Before the reconstructed excitation vector becomes target signals in trans-rating process, a process of excitation vector calibration may be applied as shown in
The calibrated excitation vector is then used as the target signals for analysis in excitation space mapping for the output rate of 12.2 kbps. The unquantized adaptive codebook parameters of 4.75 kbps as an initial estimate in the closed-loop adaptive codebook search of 12.2 kbps. The adaptive codebook is searched within a small interval of the initial estimate, at the accuracy of ⅙ required by the 12.2 kbps codec. The adaptive codebook gain is then determined for the best code-vector and the adaptive code-vector contribution is removed from the calibrated excitation.

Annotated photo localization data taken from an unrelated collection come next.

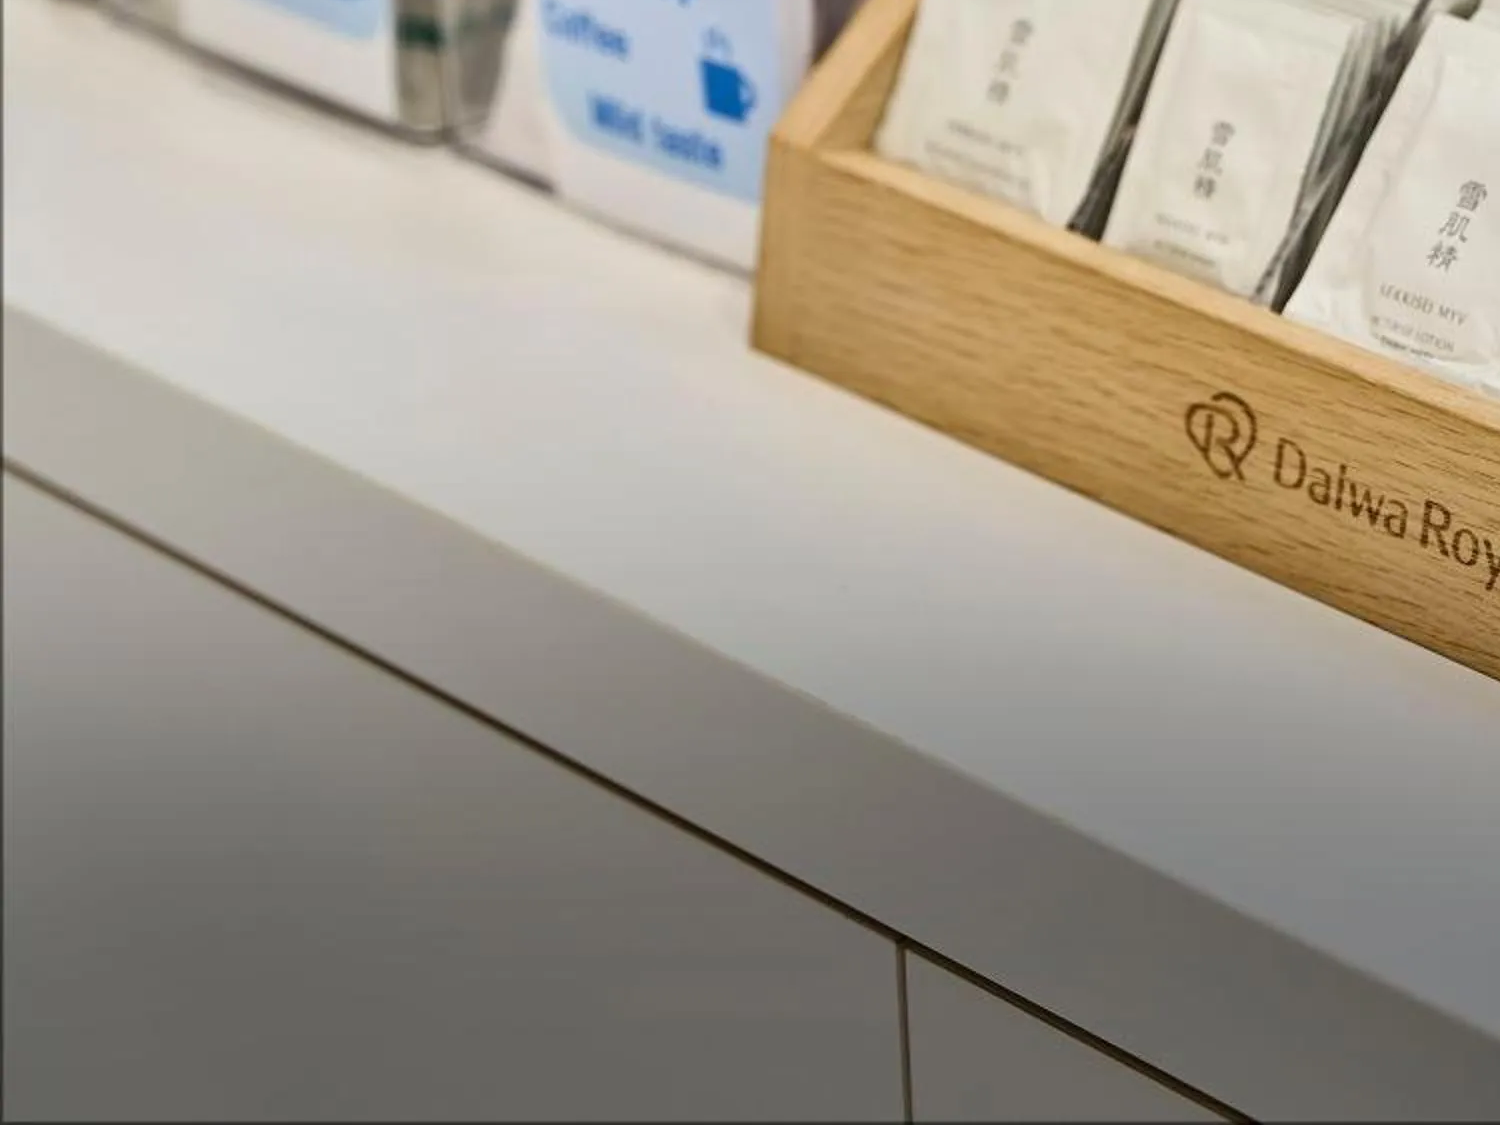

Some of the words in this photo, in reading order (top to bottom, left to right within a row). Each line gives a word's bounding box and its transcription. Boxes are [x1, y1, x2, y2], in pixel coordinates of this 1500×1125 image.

[1426, 178, 1488, 274] 雪肌精
[1272, 436, 1409, 540] Daiwa
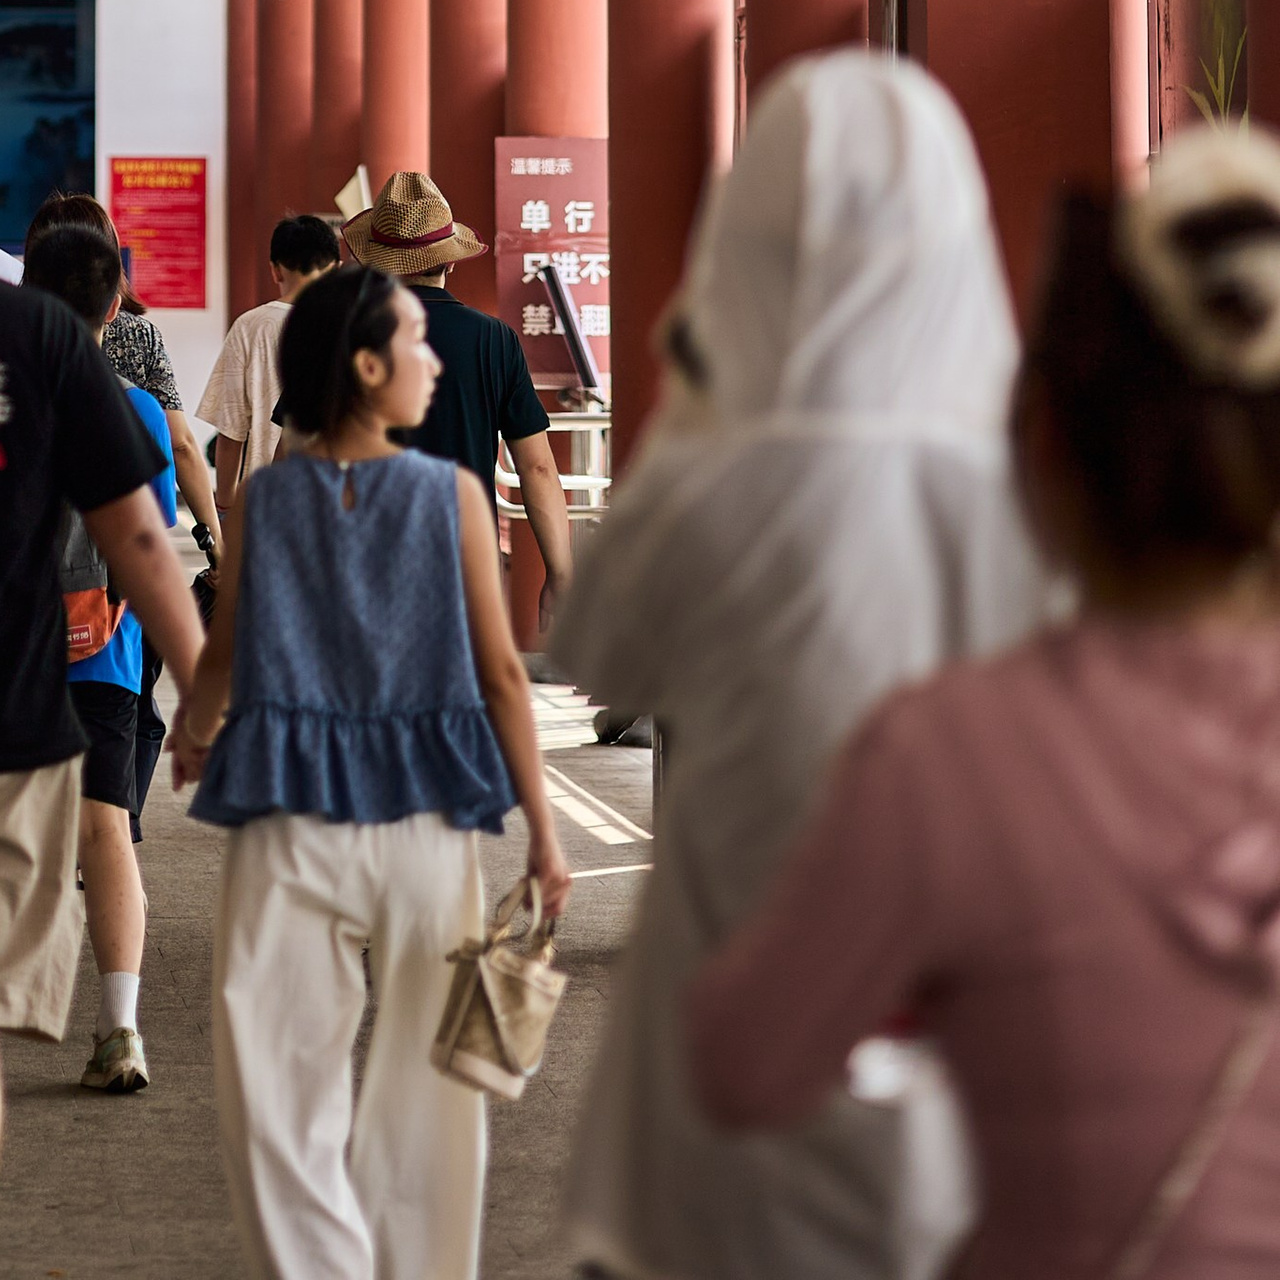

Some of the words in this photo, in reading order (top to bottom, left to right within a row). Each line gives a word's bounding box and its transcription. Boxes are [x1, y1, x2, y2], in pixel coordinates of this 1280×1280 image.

[511, 158, 572, 175] 温馨提示
[521, 200, 595, 233] 单行
[522, 252, 610, 285] 只进不

The result is filtered using a filter to produce the target signal for the fixed-codebook search.
The fixed-codebook is then searched in the filtered excitation space by a fast technique to obtain indices to form a 10 pulse codeword vector according to the 12.2 kbps codec. Also the filtered excitation space is used to compute the fixed-codebook gain of the 12.2 kbps codec.
The trans-rating from 4.75 kbps to 12.2 kbps can also employ the other noted mapping methods. This allows the trans-rating to adapt to the available computation resources in real-time applications.
Other CELP Transcoders
The invention of adaptive codebook computation described in this document is generic to all multi-rate voice coders and applies to any voice trans-rating in known multi-rate voice codecs such as G.723.1, G.728, AMR, EVRC, QCELP, MPEG-4 CELP, SMV, AMR-WB, VMR and all other future CELP-based voice codecs that make use of multi-rate coding.
The invention has been explained with reference to specific embodiment to enable any person skilled in the art to make or use the invention. Various modifications will be apparent to those skilled in the art, and the generic principles defined herein may be applied to other embodiments without the use of the inventive faculty. Thus, the present invention is not intended to be limited to the embodiments shown herein but is to be accorded with the widest scope consistent with the principles and novel features disclosed herein as indicated by the claims.